Re: Naive question on multiple TCP/IP channels and please dont start a uS NN debate here unless you really want to.

Phillip Hallam-Baker <phill@xxxxxxxxxxxxxxx> · Fri, 6 Feb 2015 10:31:04 -0500

On Fri, Feb 6, 2015 at 8:47 AM, Jim Gettys <jg@xxxxxxxxxxxxxxx> wrote:

On Thu, Feb 5, 2015 at 6:34 PM, Richard Shockey <richard@xxxxxxxxxx> wrote:

OK yes, My Netflix download is going to kill your VOIP call.

Yes, it may, though pacing traffic may help (see the sched_fq work in Linux).

RS > Well ..its always been more subtle than you think. You have to distinguish between a Voice OVER IP call aka Skype etc vs a “managed service” like Voice USING IP or VuIP which is an entirely different beast. Modern VuIP which is all of Cable Voice in Europe and the US  VZ FIOS etc and VoLTE is managed and  uses IP technologies such as SIP/IMS but the routing may or may not have anything to  to do with BGP.  And BTW you have to still do the first order number translation as well.  AKA RFC 6116 ENUM or something new which we are actually debating in RAI.

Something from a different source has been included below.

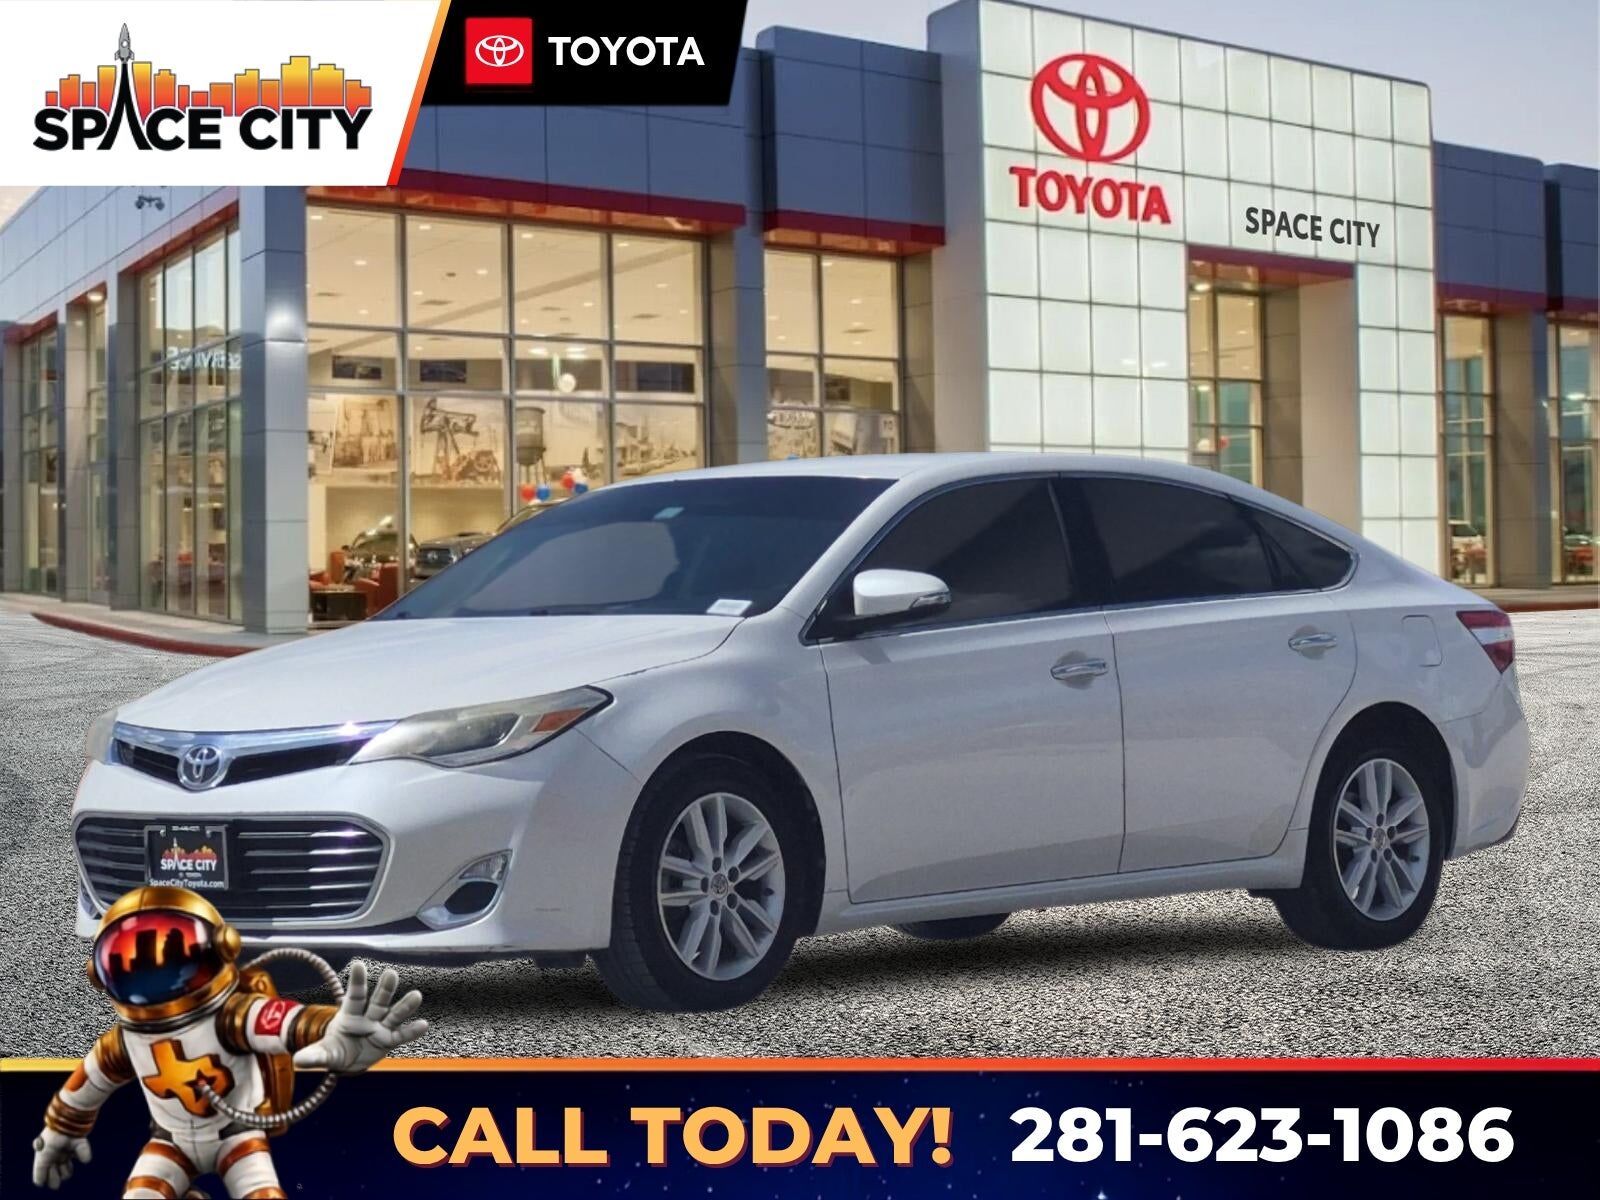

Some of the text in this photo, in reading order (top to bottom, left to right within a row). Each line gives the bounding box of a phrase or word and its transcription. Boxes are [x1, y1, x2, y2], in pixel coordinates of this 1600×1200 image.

Its segmented managed traffic. Its not Netfilx killing Skype its Microsoft Apple Android Updates as well.   We have no visibility on how the OS actually queues application packets if at all. 

Yup; this is a problem in the upstream direction (so is not the case you state above, but the inverse case, typified by events such as some one emailing a pile of images to your friends/family, backup and similar operations.  

One of the most common bottlenecks is the WiFi or cellular hop, and if the operating system does a single bloated FIFO drop tail queue discipline, you get into trouble.
  On Linux, this queue discipline has historically been one called PFIFO_FAST, and implemented a large (typically 1024 packet) FIFO drop tail queue (with a little bit of diffserv thrown in for good measure).

Turning on a different queue discipline is a single configuration line, and it appears that people have been deciding to make fq_codel the default in various Linux distributions as of last fall (it has been the default in OpenWrt on routers for a while).

At some point, it may make sense to use a different queue discipline (sched_fq) as the default, but I think more testing is needed.  That's a bit of a discussion better left to a different message.

OK we have a technical fix. But the problem is how to get it deployed by the broadband providers.

There is a very good paper on computer security that might be relevant here. 'Folk models of home computer security'

http://www.rickwash.com/papers/rwash-homesec-soups10-final.pdf

One of the thing we have found at Comodo is that virtually every home computer issue is almost automatically attributed to being 'a virus'. What the customer actually wants is for their damn machine to work. Or alternatively, they want their relatives to stop calling them to ask them to fix their computers.

The point is that people tend to leap to external attack as being the most likely cause of any computer failure issue that isn't obviously dead hardware. Which is really weird when I spent most of the 90s being told I was an evil scaremonger for suggesting those cuddly-wuddly hackers might actually be rather nasty thieving types.

So people see their Netflix or their Vonage suddenly sputter and the first explanation that comes into their heads is 'my ISP is trying to kill them to sell me their stuff instead'.

We have the potential here for a really bitter dispute. Instead of picking up the phone to complain to their ISP, people have been picking up the phone to complain to their Senator or the guy in the White House.

And it is going to be really difficult to explain to a lot of people who have taken up arms on either side of this dispute that this might be the cause of the slowdowns. One side is going to accuse us of being shills for the corporate interests. And on the other side there are a lot of lobbyists licking their chops at the thought of fat billable hours for as long as they can make the fight worse.

So how do we de-escalate the situation?

One part is that we need more than a technical fix for this problem. We need to be able to tell Joe or Jane Consumer how often these slowdowns occur and what the cause is. The problem being that the cause of the problem might be on the broadband provider side or the home user side of the network. 

So maybe have the residential gateway collect some data and expose it to the consumer in some fashion. This could also help debug other connection issues. I was having unexplained network slowdowns for a month that were eventually found to have been caused by a falling tree snapping the fiber but not the sheath round it. So the result was a flaky connection that had the peculiar property of working for some frequencies but not others.

Another is to point out that just as the fact that you can't print from your computer is because you have the wrong printer port assignment rather than a virus does not mean viruses do not exist, the fact that buffer bloat explains some network slowdowns does not mean it explains every slowdown. Nor does it mean that malice is never a cause.